Chapitre 8.2

Elle leva la tête vers la mêlée d'hommes, cherchant Aniketos du regard. Elle trouva sans peine les yeux bleus du guerrier. Il tremblait de rage. Même lui, semblait lui en vouloir d'avoir été assez stupide pour hurler alors qu'ils étaient en fuite, au vu de sa colère. Elle sanglota de plus belle, honteuse. Pas lui. Elle ne pouvait pas l'avoir déçu lui aussi. Ils avaient pourtant réussi à se rapprocher énormément ces derniers jours...

Une main se posa soudainement sur son épaule, la faisant sursauter. Elle tourna la tête et reconnut Spartacus.

-Vous me faites pitié, tous. À vous battre pour un morceau de viande alors qu'aucun, je dis bien aucun, de vous n'a souffert de la faim depuis notre fuite. À insulter une femme qui est la seule ici à être raisonnable et voir que vous vous faites du mal pour rien, abrutis que vous êtes. Tout le monde se calme et retourne à sa place.

Plus que de la colère, c'était du dédain qui se cachait dans la voix de Spartacus. Il se détourna des hommes et enserra Aelia contre lui.

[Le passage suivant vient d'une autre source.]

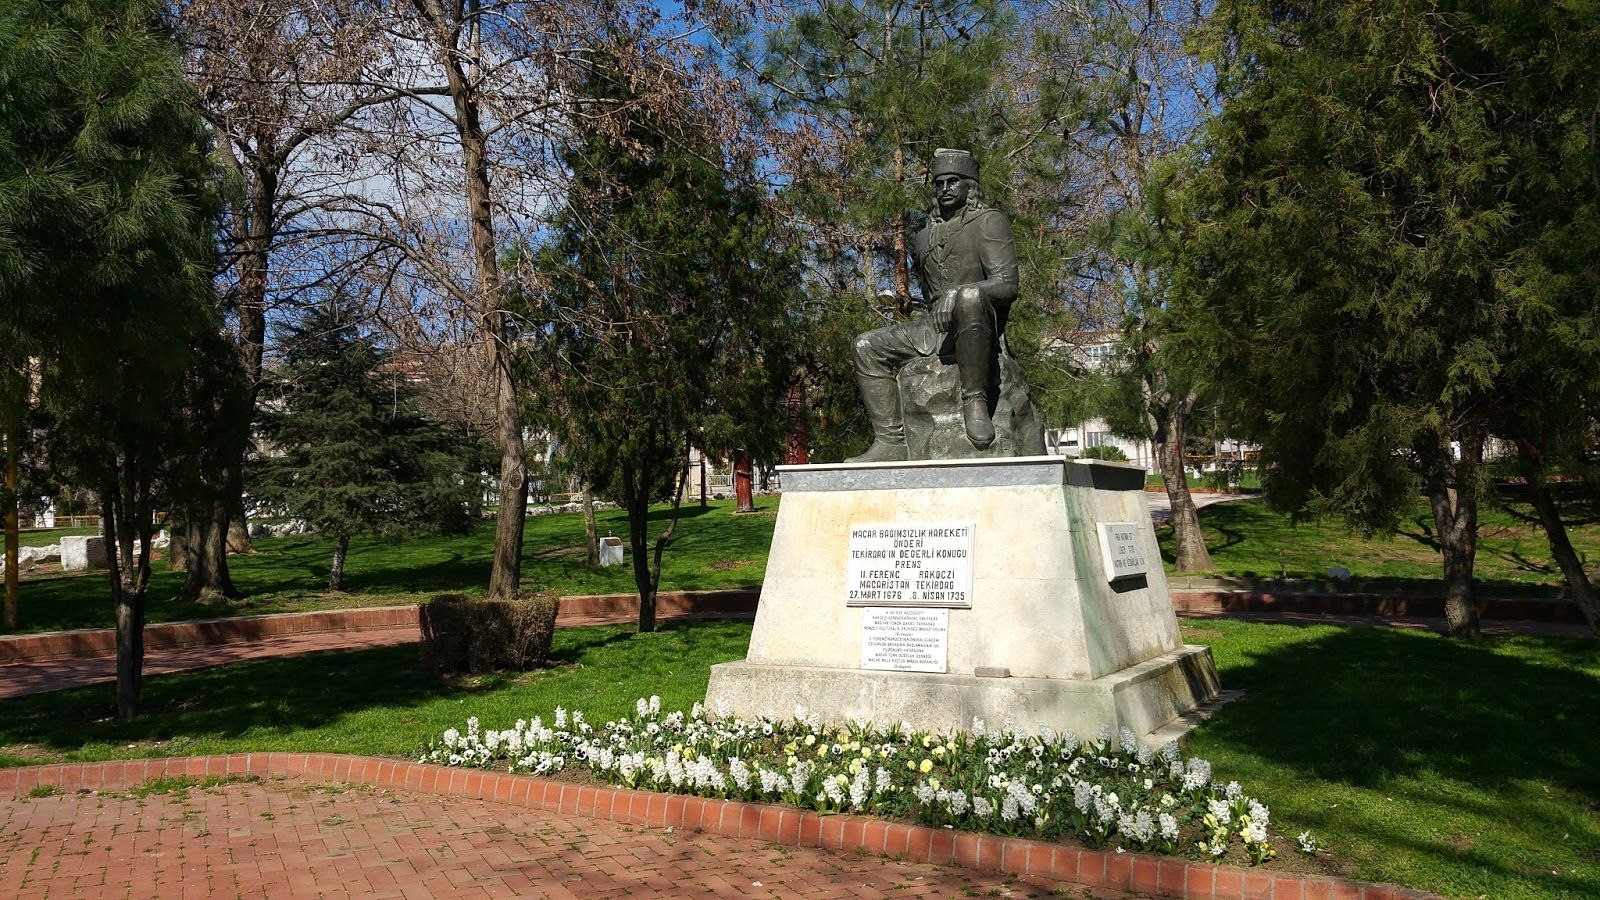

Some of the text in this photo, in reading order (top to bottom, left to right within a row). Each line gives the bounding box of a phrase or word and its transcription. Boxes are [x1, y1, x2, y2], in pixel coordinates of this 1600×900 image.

[852, 530, 877, 538] MACAR
[895, 560, 921, 568] PRENS
[884, 591, 902, 600] 1676
[948, 592, 965, 600] 1735

Il passa une main réconfortante dans ses cheveux pour apaiser ses pleurs. Elle se laissa aller contre son torse et pleura, longtemps. Personne ne leur prêtait attention, beaucoup étaient effectivement retournés manger en silence. Personne, sauf un guerrier qui les fixait avec une rage meurtrière. Des yeux bleus étincelant de colère les surveillaient. Le binôme n'avait pas bougé, Aelia se laissant bercer par Spartacus, profitant du seul rempart qui s'était offert à elle.

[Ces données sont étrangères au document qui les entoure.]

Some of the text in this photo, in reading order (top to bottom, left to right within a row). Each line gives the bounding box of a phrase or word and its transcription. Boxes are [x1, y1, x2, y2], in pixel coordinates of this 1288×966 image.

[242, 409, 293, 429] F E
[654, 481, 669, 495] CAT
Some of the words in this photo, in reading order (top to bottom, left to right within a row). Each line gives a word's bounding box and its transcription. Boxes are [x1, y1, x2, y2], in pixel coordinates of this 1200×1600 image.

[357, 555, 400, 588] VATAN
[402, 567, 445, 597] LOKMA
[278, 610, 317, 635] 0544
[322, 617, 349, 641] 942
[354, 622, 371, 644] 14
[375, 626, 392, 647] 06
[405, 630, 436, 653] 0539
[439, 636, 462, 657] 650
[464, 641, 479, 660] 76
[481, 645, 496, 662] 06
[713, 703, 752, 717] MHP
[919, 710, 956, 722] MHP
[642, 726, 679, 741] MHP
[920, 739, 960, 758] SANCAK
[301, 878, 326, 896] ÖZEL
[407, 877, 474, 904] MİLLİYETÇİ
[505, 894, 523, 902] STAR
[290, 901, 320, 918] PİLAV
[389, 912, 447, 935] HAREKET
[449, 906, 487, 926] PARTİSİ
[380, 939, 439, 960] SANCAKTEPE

-C'est toi qui me fais pitié, retentit alors la voix d'Aniketos.

Spartacus redressa la tête et put distinguer très clairement le guerrier grec éclairé par un des feux qui avaient été allumés et les derniers rayons d'un soleil couchant.

-Ah bon ? s'enquit alors simplement le thrace, très posément.

-Abuser du désespoir d'une jeune femme pour la mettre dans ton lit, ça me fait pitié, cracha-t-il. C'est ce que tu es en train de faire, non ? Tu passes pour un héros à ses yeux et après tu profites d'elle c'est ça ? Chien !

-Tu es jaloux, Aniketos, jaloux parce que toi tu es trop peureux pour oser la défendre ! Toi, tu es trop faible pour défier ce que dit Maximus... mais tu as raison, j'espère qu'Aelia se rendra compte que tu es un lâche et finira par compter sur moi et plus sur toi. Oui Aniketos, tu as raison, j'espère qu'elle finira dans mon lit. Parce que je l'aime. Et je veux qu'elle m'appartienne.

Aelia eut un hoquet de stupeur. Jamais elle n'avait entendu quelqu'un dire qu'il l'aimait. Jamais. Elle s'éloigna de quelques pas de Spartacus, pour le regarder. Elle avait besoin de vérifier qu'il disait vrai, voir son visage lorsqu'il répéterait qu'il l'aimait.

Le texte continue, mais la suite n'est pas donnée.